Sensing multiplex microRNAs using dual-functional fork-type-track DNA nanomachine on optical fiber

Abstract

We propose a simple and robust biosensing platform which can be used for accurate determination of multiplex microRNA targets in biological samples. We develop the sensor by immobilizing a novel DNA nanomachine system on the surface of a gold-nanoparticles-modified optical fiber, which contains a uniquely designed dual-functional fork-type track chain with a FAM-labeled DNAzyme recognition site on one branch and a rolling-loop-amplification (RCA) primer on the other.

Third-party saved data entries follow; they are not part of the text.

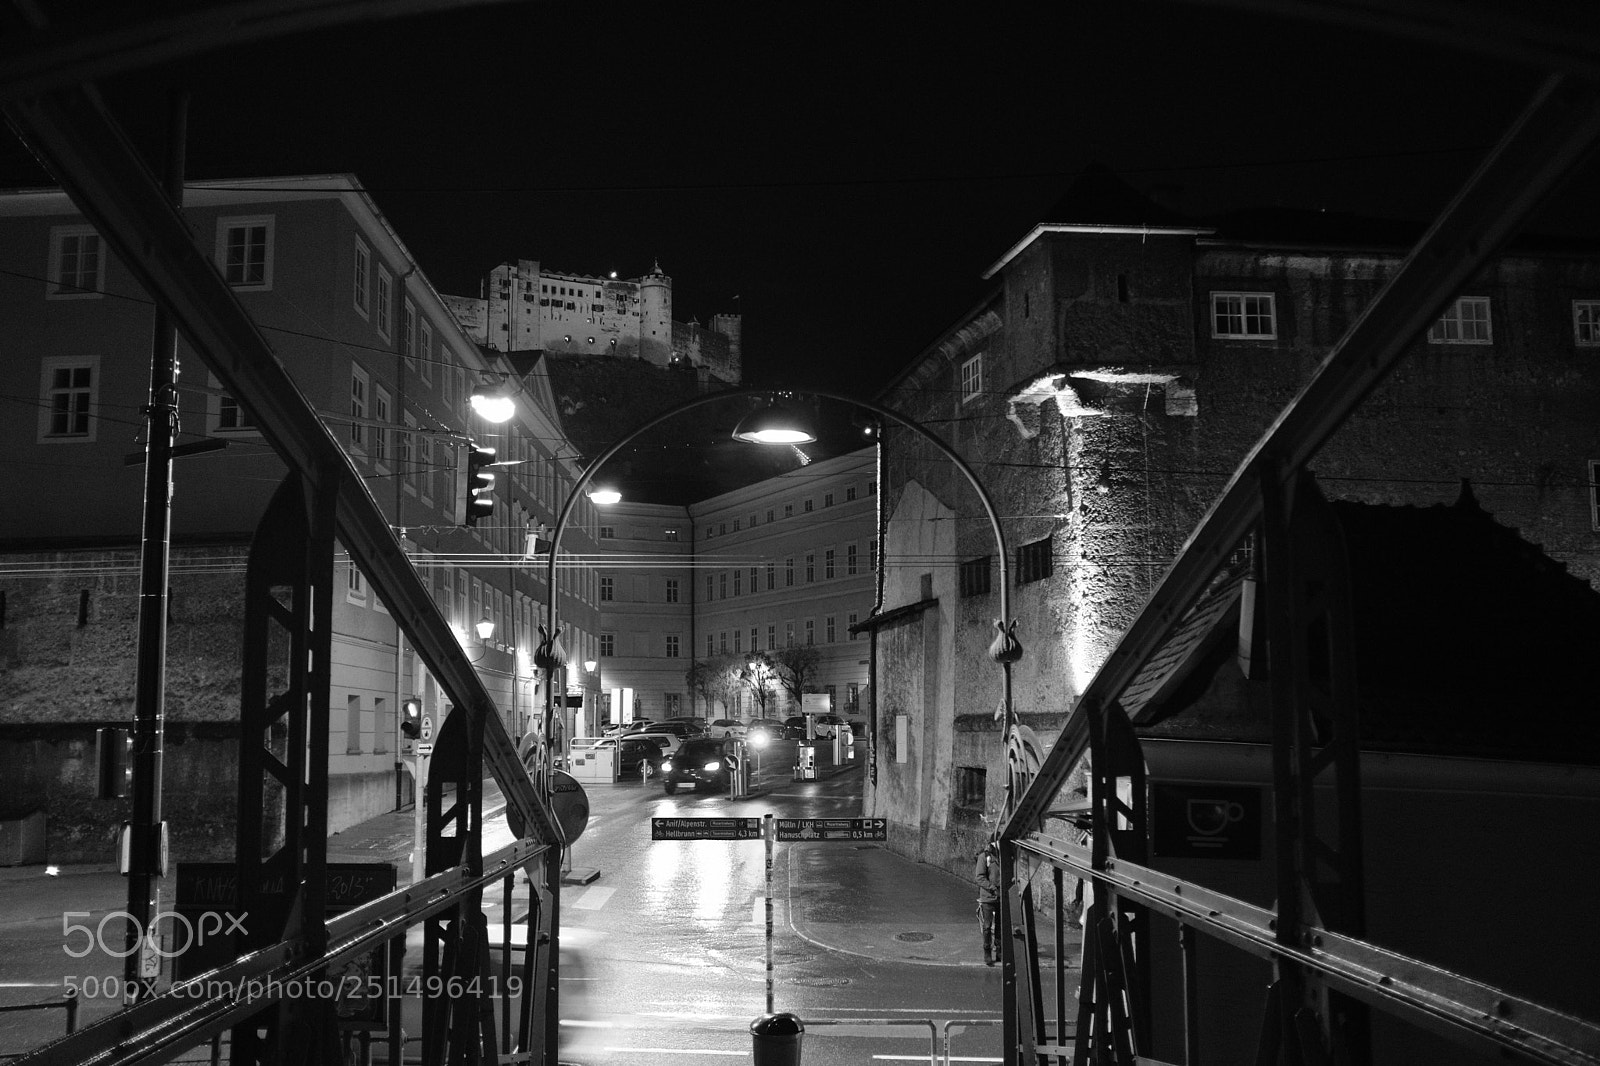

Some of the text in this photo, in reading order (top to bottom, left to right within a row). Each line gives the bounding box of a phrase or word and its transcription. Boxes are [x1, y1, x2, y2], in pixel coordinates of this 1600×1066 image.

[802, 820, 814, 828] LKH
[665, 829, 696, 838] Hellbrunn
[738, 829, 747, 838] 4,3
[748, 829, 758, 838] km
[852, 831, 863, 840] 0,5
[863, 831, 873, 839] km
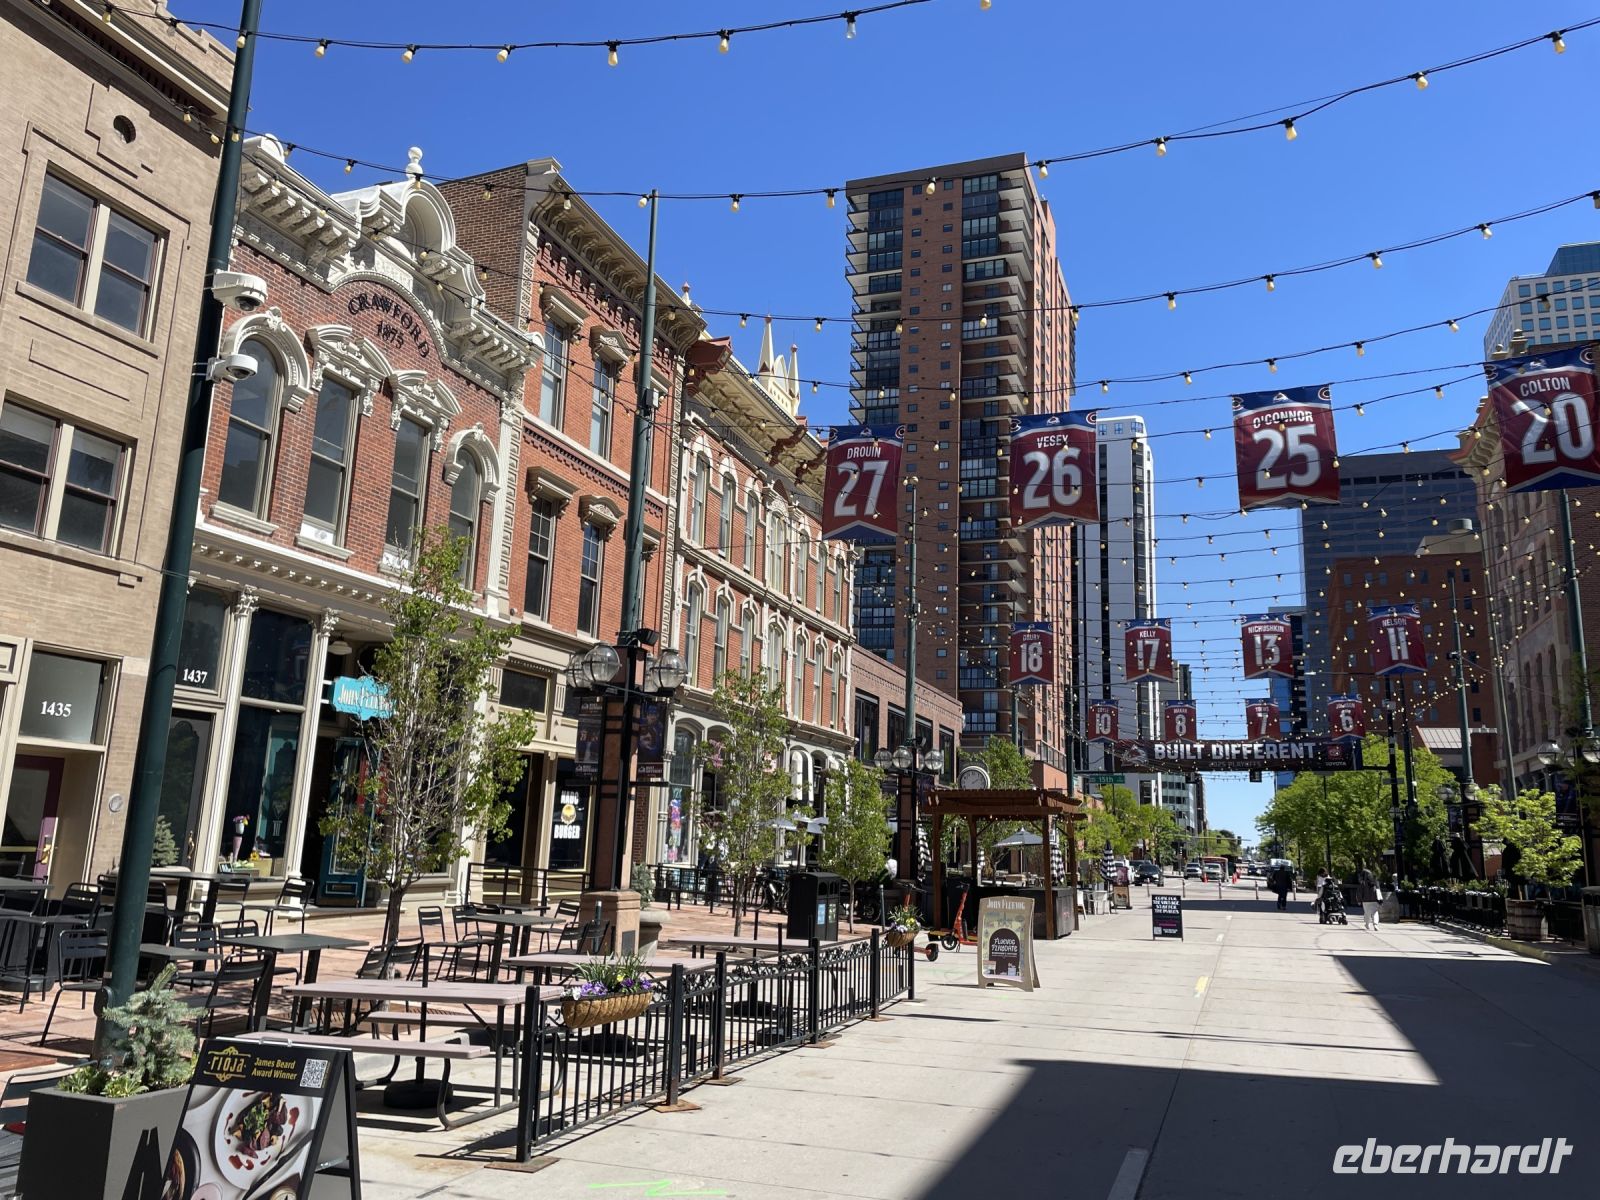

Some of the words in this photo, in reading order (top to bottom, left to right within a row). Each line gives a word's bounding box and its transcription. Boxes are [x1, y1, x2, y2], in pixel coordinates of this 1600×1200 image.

[348, 293, 429, 358] CRAWFORD
[1520, 377, 1571, 397] COLTON
[1253, 411, 1313, 428] O'CONNOR
[1512, 392, 1594, 465] 20
[1037, 434, 1068, 449] VESEY
[846, 446, 881, 459] DROUIN
[1252, 424, 1321, 490] 25
[834, 460, 889, 517] 27
[1023, 447, 1082, 509] 26
[1248, 625, 1284, 633] NICHUSHKIN
[1382, 618, 1407, 627] NELSON
[1139, 630, 1156, 638] KELLY
[1387, 627, 1409, 661] 11
[1020, 643, 1043, 673] 18
[1137, 639, 1160, 670] 17
[1254, 634, 1280, 667] 13
[183, 669, 208, 684] 1437
[40, 701, 72, 717] 1435
[1095, 713, 1111, 735] 10
[1175, 714, 1187, 736] 8
[1257, 712, 1269, 735] 7
[1340, 709, 1354, 732] 6
[1154, 743, 1205, 760] BUILT
[1211, 742, 1316, 760] DIFFERENT
[554, 825, 580, 839] BURGER
[252, 1067, 272, 1077] Award
[273, 1068, 298, 1080] Winner
[254, 1057, 276, 1068] James
[276, 1059, 296, 1069] Beard

The strategy allows two amplification strategies, i.e., DNA walking and RCA, to be easily achieved as the target microRNAs are in the sample to initiate the corresponding reactions. Two different microRNAs (miRNA-21 and miRNA-375 in the study) are independently and accurately determined without interference from each other, by respectively measuring fluorescence and chemiluminescence signals generated from DNA walking and RCA. The results show that the method is capable for multiplex micorRNA assays with high sensitivity (limit-of-detection 0.21 pM for miRNA-21 and 0.018 pM for miRNA-375) and high selectivity, and the sensor exhibits good repeatability and storage stability. The method successfully determines microRNAs in MCF-7, Hela and MCF-10A cells, showing its ability to analyze real complex biological samples.